Free-text object descriptions:
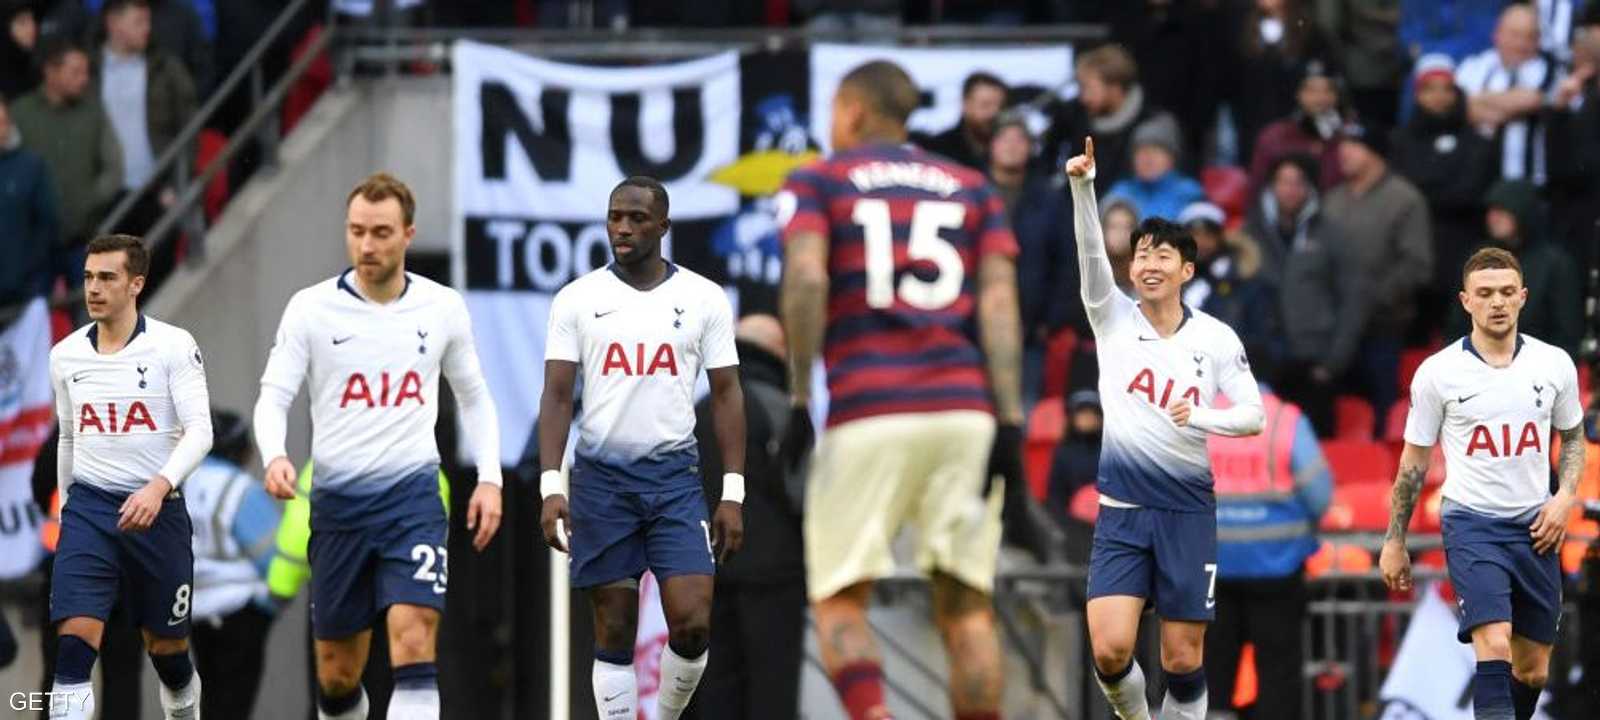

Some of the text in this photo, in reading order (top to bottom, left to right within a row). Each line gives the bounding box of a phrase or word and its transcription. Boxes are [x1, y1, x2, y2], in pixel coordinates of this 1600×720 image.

[852, 199, 966, 311] 15
[602, 341, 678, 376] AIA
[340, 370, 424, 408] AIA
[1127, 368, 1200, 409] AIA
[79, 401, 158, 433] AIA
[1465, 421, 1542, 457] AIA
[1204, 563, 1217, 598] 7
[172, 584, 190, 618] 8
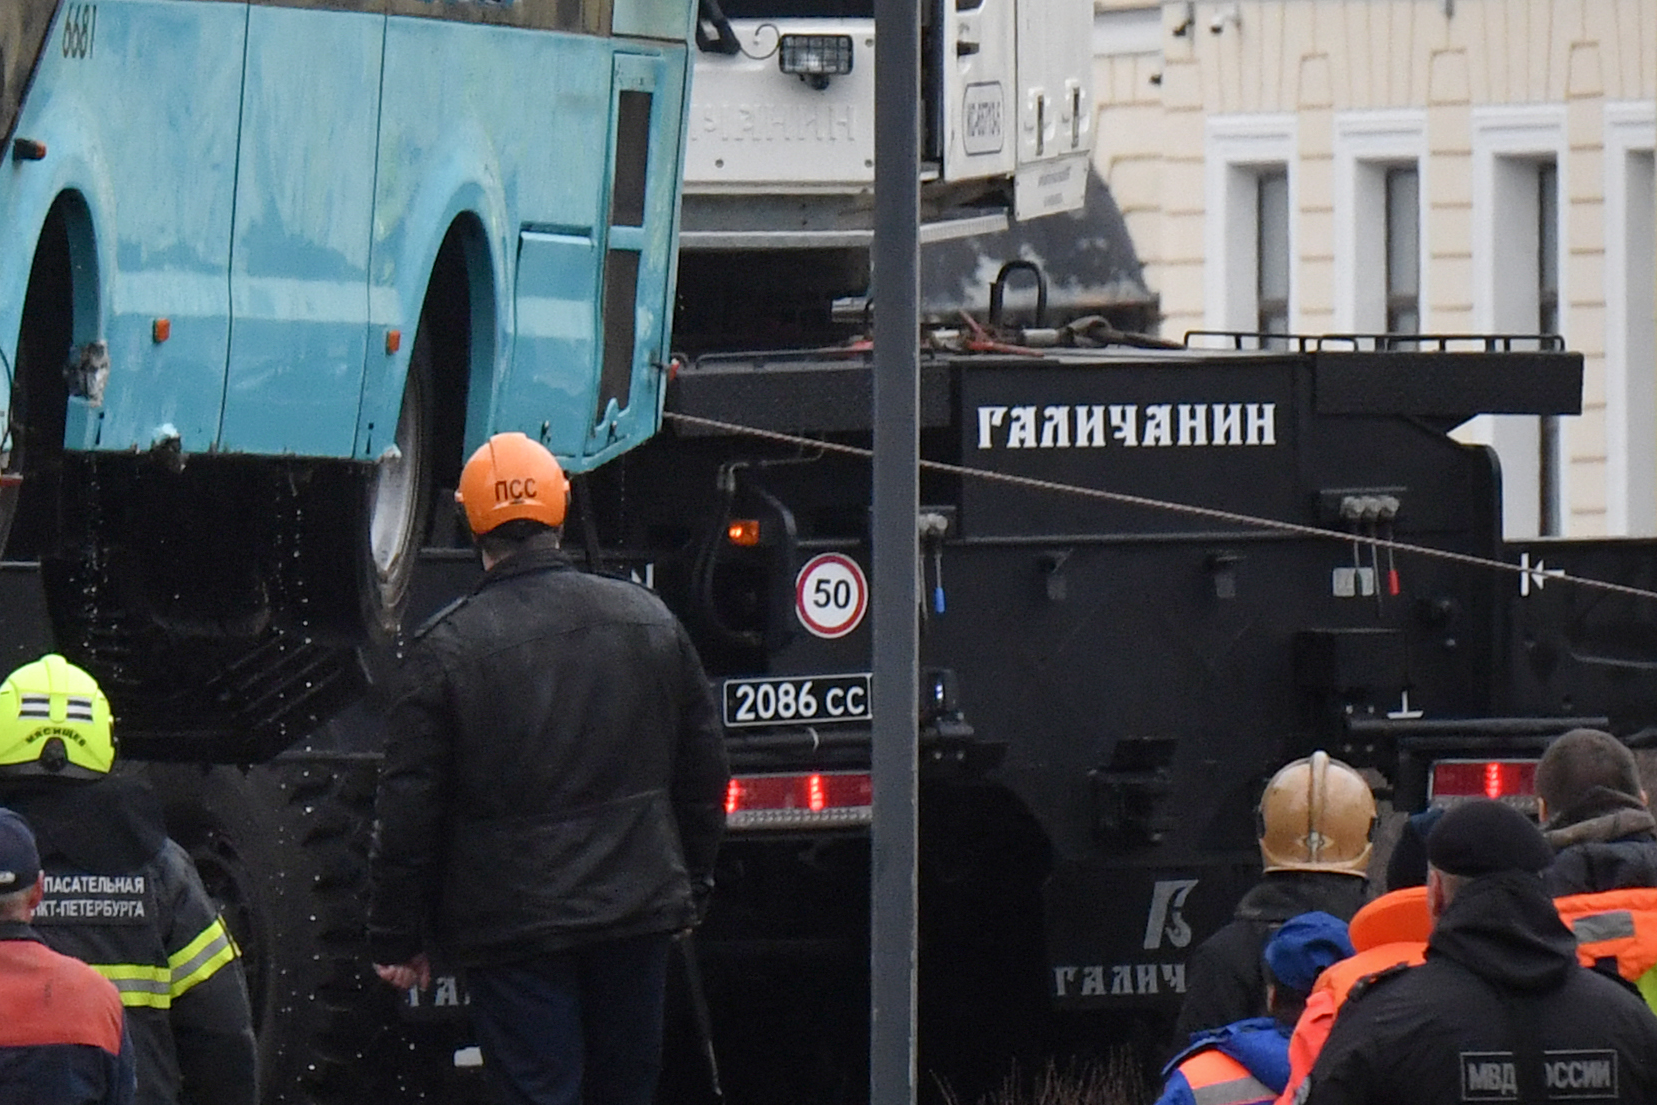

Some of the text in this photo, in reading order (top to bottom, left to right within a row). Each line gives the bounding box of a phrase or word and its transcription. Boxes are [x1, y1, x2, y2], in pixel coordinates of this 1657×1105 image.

:: Required work ::
You need to copy every entry exactly, taking out only the pictures.

:: The answer ::
Some of the text in this photo, in reading order (top to bottom, left to right within a row). Each line gives the bounding box of a phrase or word and its transcription. Boxes are [x1, y1, x2, y2], in pixel coordinates of this 1600×720 image.

[852, 199, 966, 311] 15
[602, 341, 678, 376] AIA
[340, 370, 424, 408] AIA
[1127, 368, 1200, 409] AIA
[79, 401, 158, 433] AIA
[1465, 421, 1542, 457] AIA
[1204, 563, 1217, 598] 7
[172, 584, 190, 618] 8

Some of the text in this photo, in reading order (top to bottom, left to right within a row). Each line gives the bounding box of a phrase or word and its transcription. Boxes are [x1, y1, x2, y2], in pixel coordinates of this 1657×1105 image.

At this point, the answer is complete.